Until now, the substance was mainly known for its effect on animals that try to attack Ecuadoran poison dart frogs.
“It’s a powerful neurotoxin that first hyperstimulates the nervous system in an extremely violent way and then shuts it down. So you’ll convulse and then become paralyzed, especially in terms of breathing,” said Jerome Langrand, director of the Paris poison control center.
But to the scientist, using this substance to poison Navalny is “quite unsettling.”

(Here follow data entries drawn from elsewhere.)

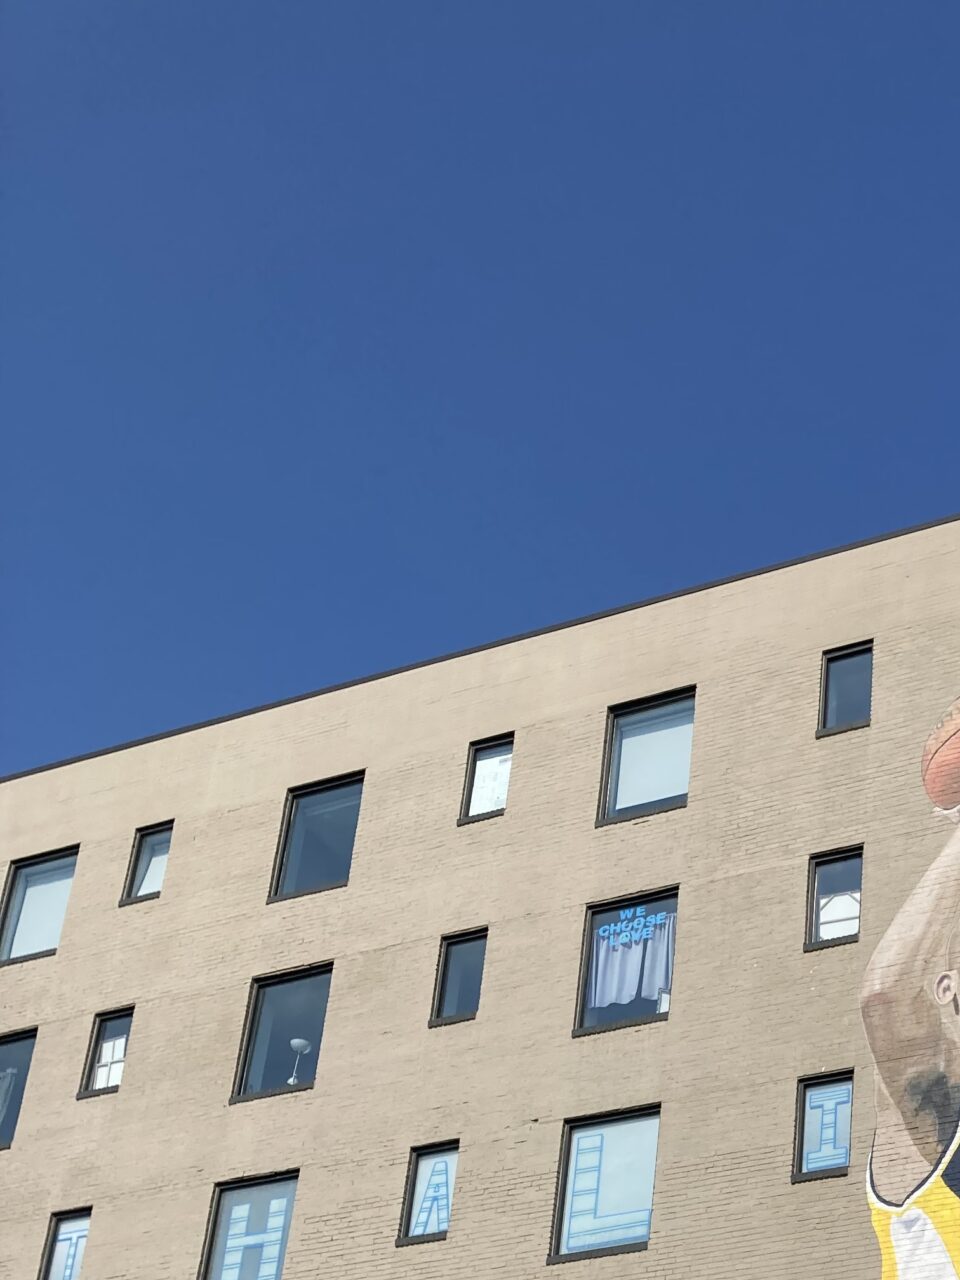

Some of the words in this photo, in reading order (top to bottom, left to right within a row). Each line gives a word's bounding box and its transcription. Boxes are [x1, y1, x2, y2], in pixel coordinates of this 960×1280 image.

[620, 906, 646, 920] WE
[599, 911, 667, 937] CHOOSE
[610, 927, 654, 946] LOVE
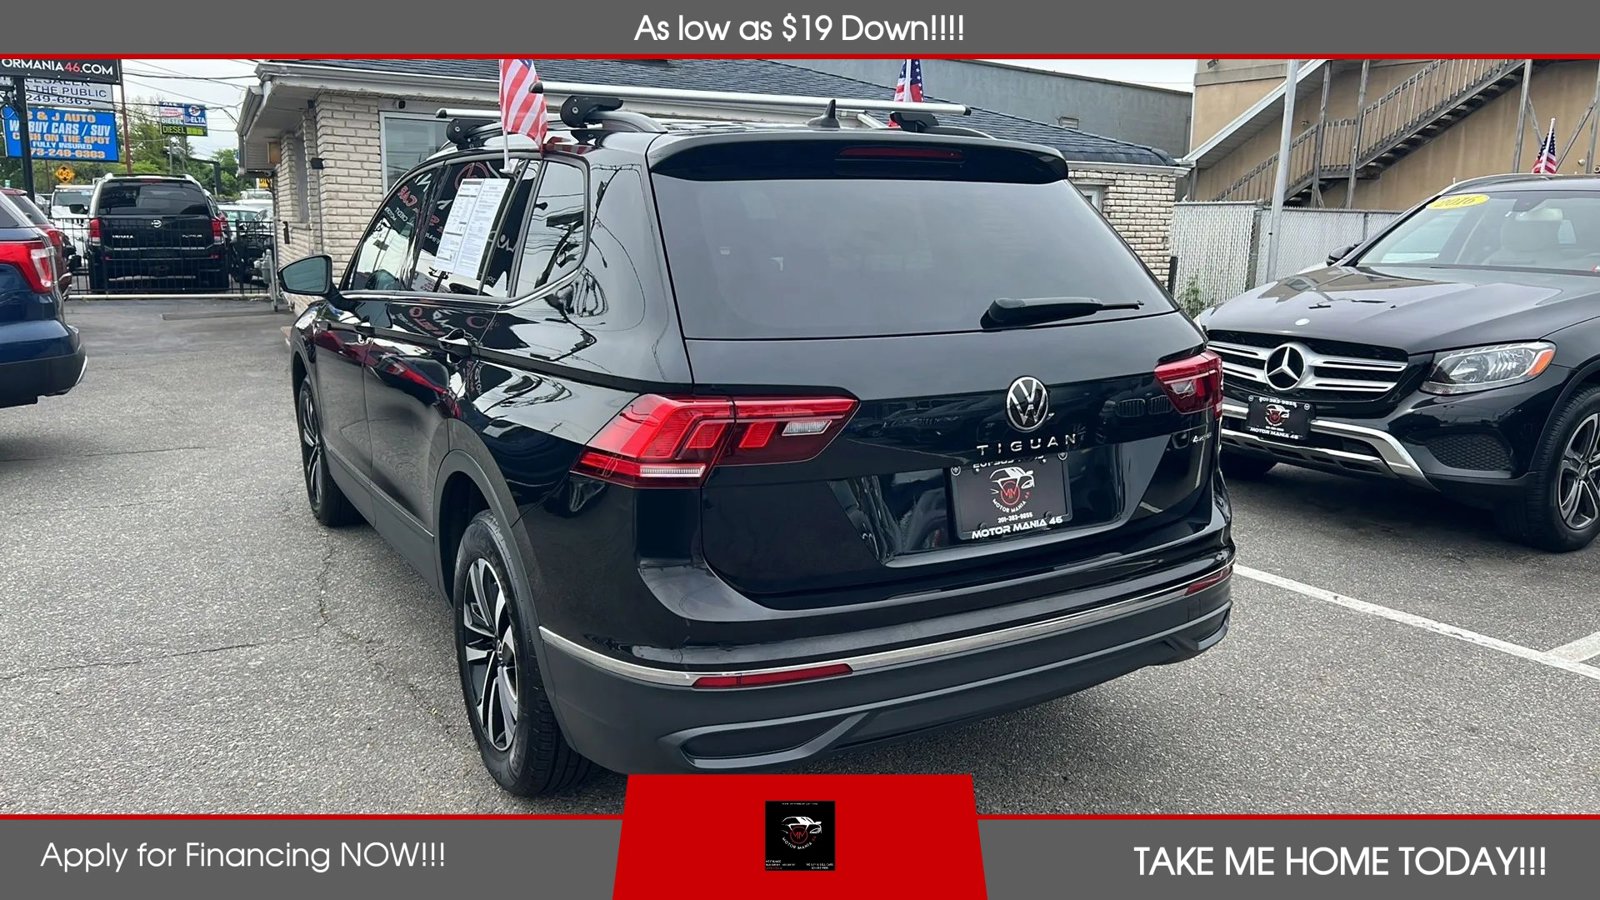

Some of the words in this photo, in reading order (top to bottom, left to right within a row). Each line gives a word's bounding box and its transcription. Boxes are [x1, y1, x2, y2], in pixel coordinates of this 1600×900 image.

[34, 85, 57, 95] THE
[62, 87, 107, 98] PUBLIC
[51, 112, 60, 121] J
[64, 113, 96, 123] AUTO
[28, 121, 49, 134] BUY
[51, 122, 79, 135] CARS
[90, 125, 111, 137] SUV
[162, 126, 186, 135] DIESEL
[44, 134, 59, 142] ON
[63, 134, 81, 143] THE
[84, 135, 111, 145] SPOT
[58, 142, 93, 150] INSURED
[1250, 427, 1269, 435] MOTOR
[976, 433, 1077, 457] TIGUAN
[992, 498, 1010, 513] MOTOR
[1010, 500, 1027, 513] MANIA
[971, 526, 1012, 540] MOTOR
[1013, 518, 1048, 532] MANIA
[1049, 515, 1064, 526] 46
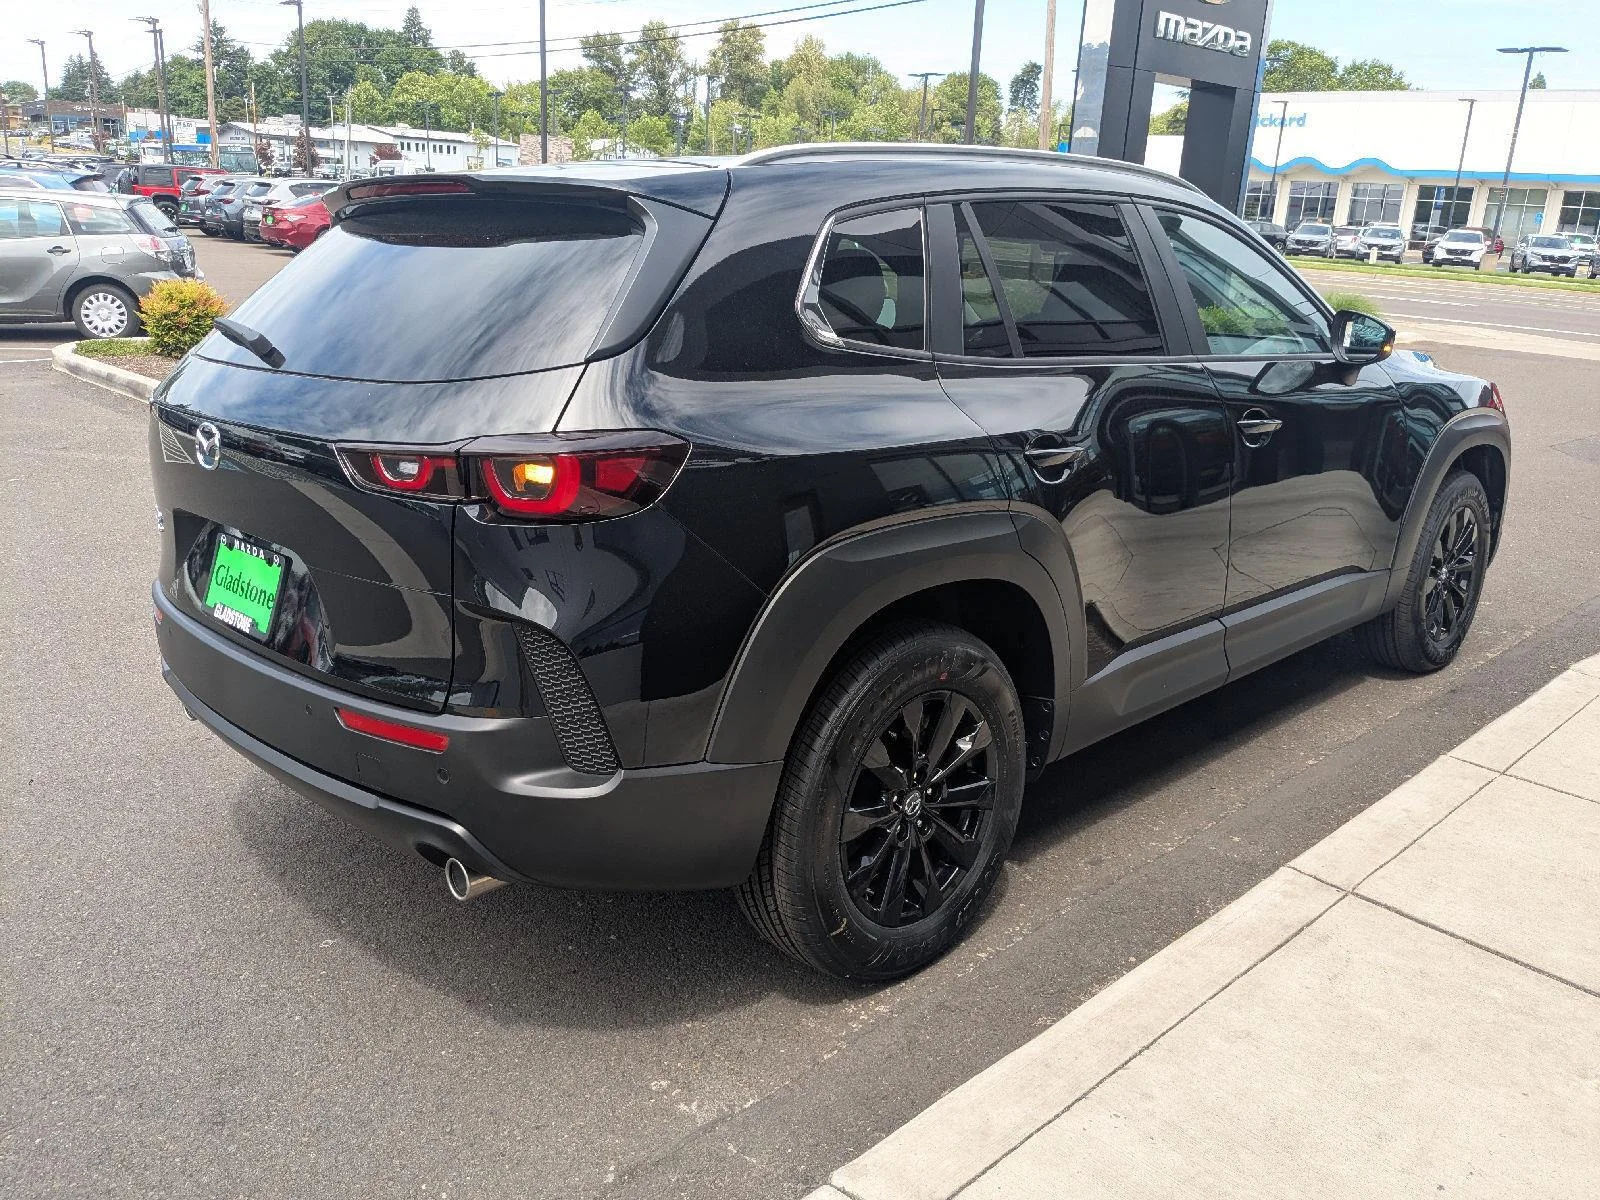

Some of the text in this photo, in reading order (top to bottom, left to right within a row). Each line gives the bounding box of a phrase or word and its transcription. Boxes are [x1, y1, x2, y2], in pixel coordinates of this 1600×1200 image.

[234, 538, 265, 560] MAZDA
[215, 564, 275, 610] Gladstone
[213, 602, 253, 634] GLADSTONE
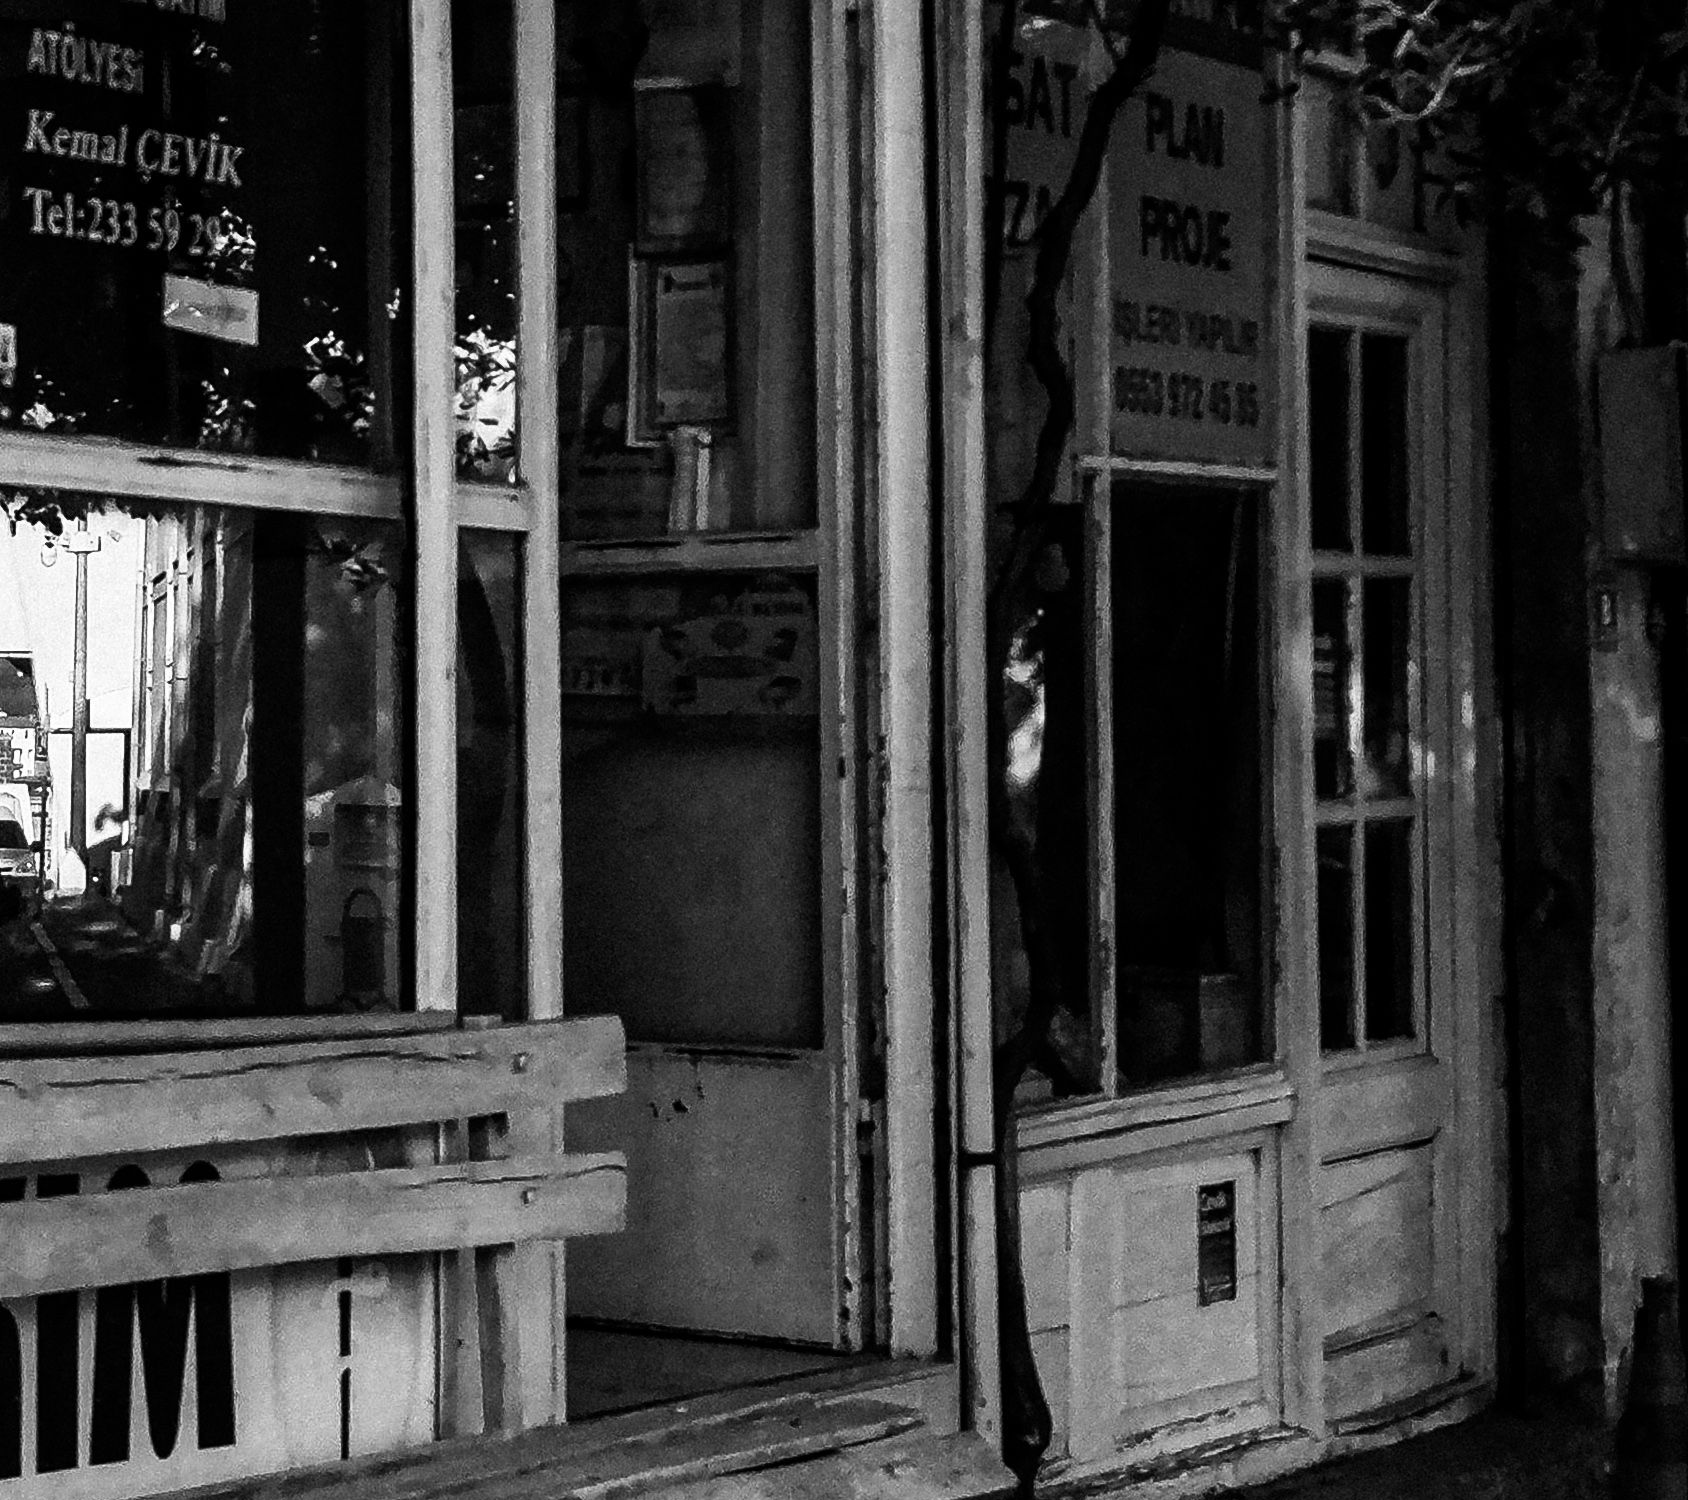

“One wonders, why choose this particular poison? If it was to conceal a poisoning, it’s not the best substance. Or is it meant to spread an atmosphere of fear, to reinforce an image of power and danger with the message: ‘We can poison anywhere and with anything’?” he said.

Russian ‘calling card’

For many experts, the use of poison bears a Russian signature.
“It’s something specific to the Soviet services. In the 1920s, Lenin created a poison laboratory called ‘Kamera’ (’chamber’ in Russian), Lab X. This laboratory grew significantly under Stalin, and then under his successors Khrushchev and Brezhnev... It was this laboratory that produced Novichok,” said Andrei Kozovoi, professor of Russian history at the University of Lille.
“The Russians don’t have a monopoly on it, but there is a dimension of systematization, with considerable resources put in place a very long time ago — the creation of the poison laboratory, which developed without any restrictions,” he added.
Even if a poisoning can fail — some targets survived, such as Yushchenko and Skripal — it also serves to send a message, and acted as “a calling card” left by the Russian services, according to Kozovoi.
“Poison is associated in the collective imagination and in psychology with a terrible, agonizing death. The use of chemical substances or poisons carries an explicit intention to terrorize the target and, in cases such as Litvinenko, Skripal or Navalny, to warn anyone who might be tempted to betray Mother Russia or become an opponent,” said Lepick.
“A neurotoxin, a radioactive substance, or a toxic substance is much more frightening than an explosive or being shot to death.”